Copy out the data word for word. The images are not part of the copy.
>>>>>
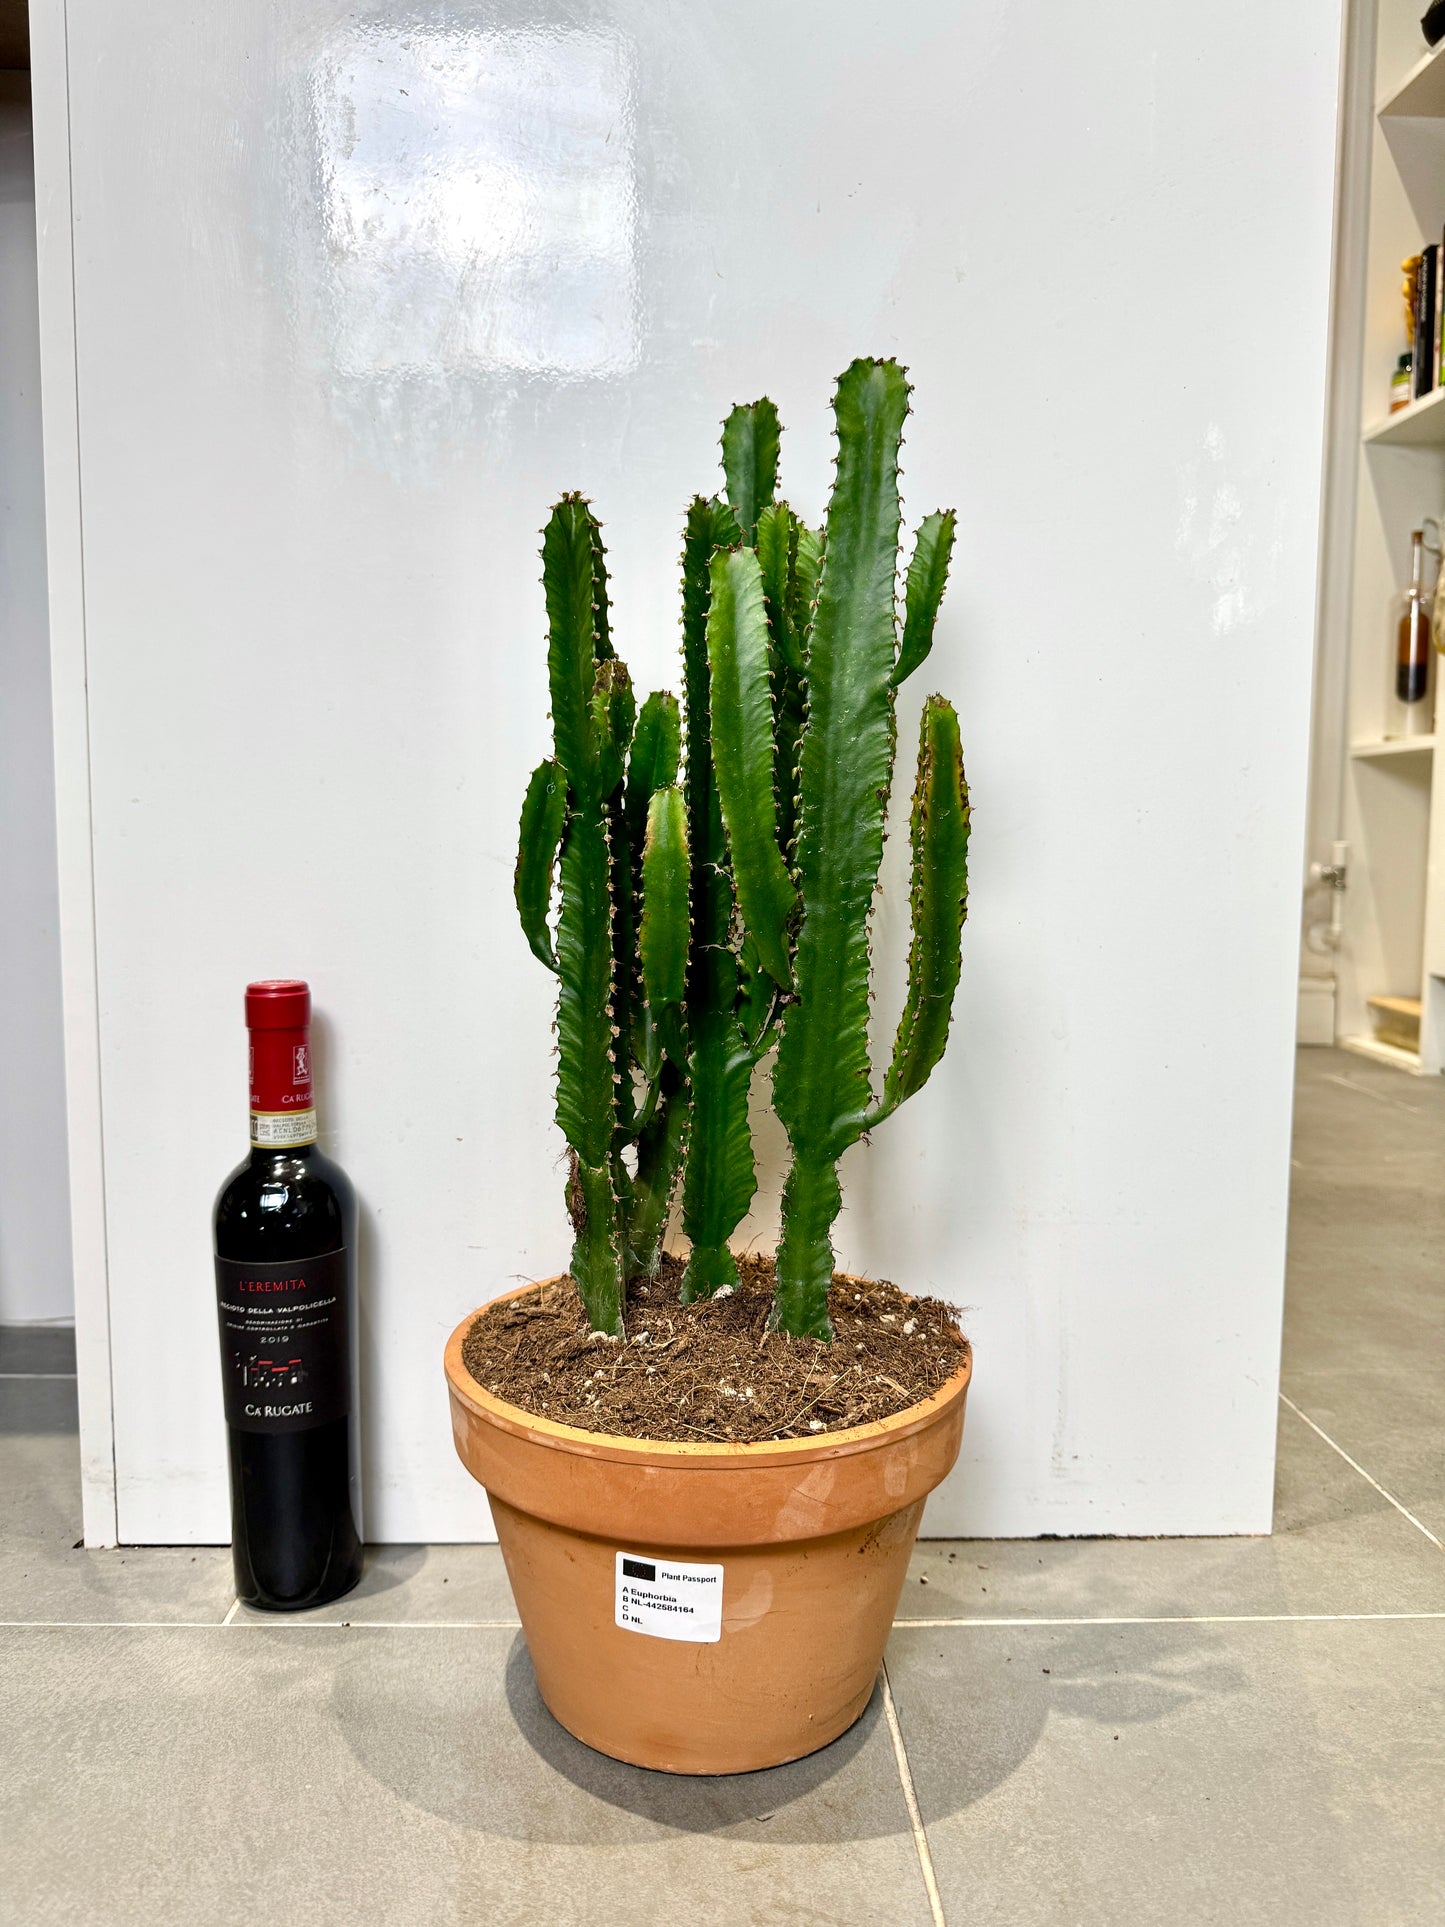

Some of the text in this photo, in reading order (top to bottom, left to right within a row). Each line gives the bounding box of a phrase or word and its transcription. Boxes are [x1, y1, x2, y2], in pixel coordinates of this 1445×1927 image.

[240, 1279, 306, 1292] L'EREMITA
[247, 1306, 274, 1314] DELLA
[276, 1296, 337, 1314] VALPOLICELLA
[260, 1335, 290, 1344] 2019
[265, 1402, 313, 1417] RUGATE
[661, 1572, 717, 1584] Plant Passport
[622, 1595, 629, 1603] B
[630, 1588, 677, 1603] Euphorbia
[622, 1613, 643, 1625] D NL
<<<<<
SOLUTION TO THIS EXERCISE
Some of the text in this photo, in reading order (top to bottom, left to right within a row). Each line gives the bounding box of a phrase or word and its transcription. Boxes are [x1, y1, x2, y2], in pixel coordinates of this 1445×1927 image.

[240, 1279, 306, 1292] L'EREMITA
[247, 1306, 274, 1314] DELLA
[276, 1296, 337, 1314] VALPOLICELLA
[260, 1335, 290, 1344] 2019
[265, 1402, 313, 1417] RUGATE
[661, 1572, 717, 1584] Plant Passport
[622, 1595, 629, 1603] B
[630, 1588, 677, 1603] Euphorbia
[622, 1613, 643, 1625] D NL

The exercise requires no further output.